San Diego Business Journal Diversification Among Future Strategies for Internet Service Providers

Like the California gold rush of 1849, the Internet in the 1990s created an environment for another rush for wealth like the days of the Wild West. Thousands of dot-com companies, Web developers, and Internet-related products and service providers blossomed overnight to reap the benefits of the modern-day gold rush.

Just like the California gold rush, (where few individuals made any money) and most of the companies are out of business or struggling to survive the economic downturn. Many people are left tired, poor and , disillusioned.

Large Internet companies in San Diego on the San Diego Business Journal's List of E-Commerce Companies have sought merger opportunities or canceled their initial public offerings.

The E-Commerce Companies List is ranked by the number of employees in May 2001.

CollegeClub.com, No. 2 on The List this year, was acquired by Boston-based Student Advantage, Inc., for $7.5 million in cash and to take over certain liabilities of the company in October 2000. CollegeClub.com previously filed for Chapter 11 bankruptcy protection in August 2000.

As a result, CollegeClub.com's number of employees dramatically dropped from 300 to 125 employees, a decrease of 58 percent from last year.

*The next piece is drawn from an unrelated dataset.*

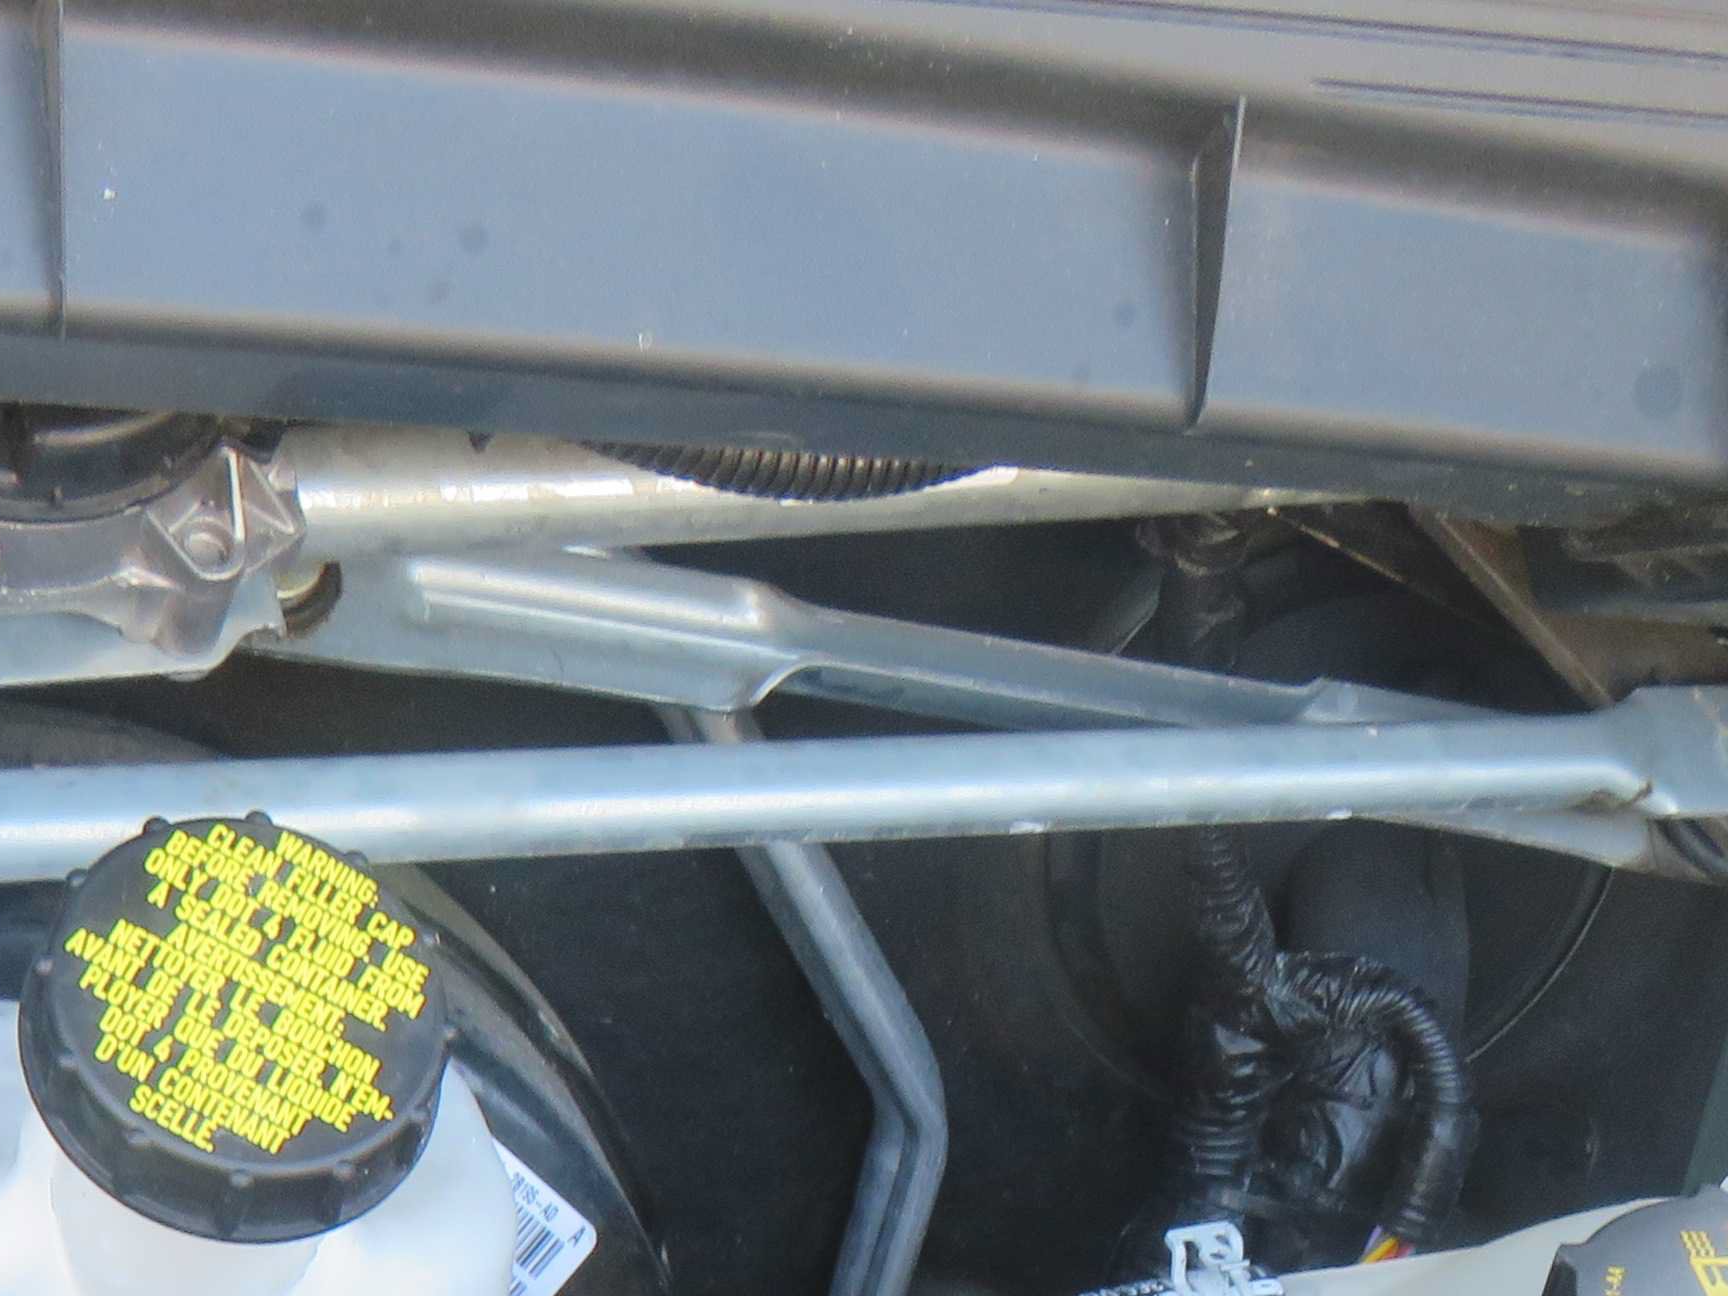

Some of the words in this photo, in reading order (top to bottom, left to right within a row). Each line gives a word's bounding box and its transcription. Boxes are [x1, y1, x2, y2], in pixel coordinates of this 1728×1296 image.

Another large Internet company MP3.com, No. 1 on The List this year, lost its highly publicized copyright violation court case against the Washington, D.C.-based Record Industry Association of American and the five largest record labels for its subscription business model last year. The company paid more than $160 million to the five labels ,Universal, Sony, BMG, Warner Music Group and EMI. Universal refused the settlement and won a larger settlement than the others.

Last month, MP3.com announced the company plans to be acquired by Paris-based Vivendi Universal SA for $372 million in cash and stock. MP3.com lost its court case in November against Universal Music Group, a division of Vivendi Universal, for $53.4 million for copyright infringement.

- Active.com Among The Survivors

For one dot-com survivor, Active.com, No. 4 on The List, a successful and unique business plan is the key to creating a profitable business.

"There were too many bad and 'me too' ideas for Internet companies out there," said Dave Alberga, president and CEO of Active.com. "There actually are a lot of good businesses out there that are not getting funded due to the sins of the past."

Active.com handles registration and data management services for participatory sports and recreational activities. It services between 18,000 to 20,000 events annually and serves 230,000 sports and recreational teams for (home) page building, practice scheduling and online registration.

Alberga said Active.com used its unique transaction business model to assist teams to handle their online registration and database. The Internet alleviates the problems of offline registration, such as providing registration forms more readily over the Internet, instant registration confirmation, and automatic database management for the event directors.

- Much More Conservative

Although it has a unique business plan, Alberga admitted the e-commerce company had to be a bit conservative in a tight market. The company secured $21 million in its second round of private funding and immediately cut costs on its way to profitability last November.

On The List, the company reported 115 employees in the company in May 2001, a decrease of 38 percent from the previous year. The company also lowered its sale cost through its distribution channels.

Alberga said it's actually better to lay off a few employees than to tell everyone to lose their jobs and shutting the doors completely.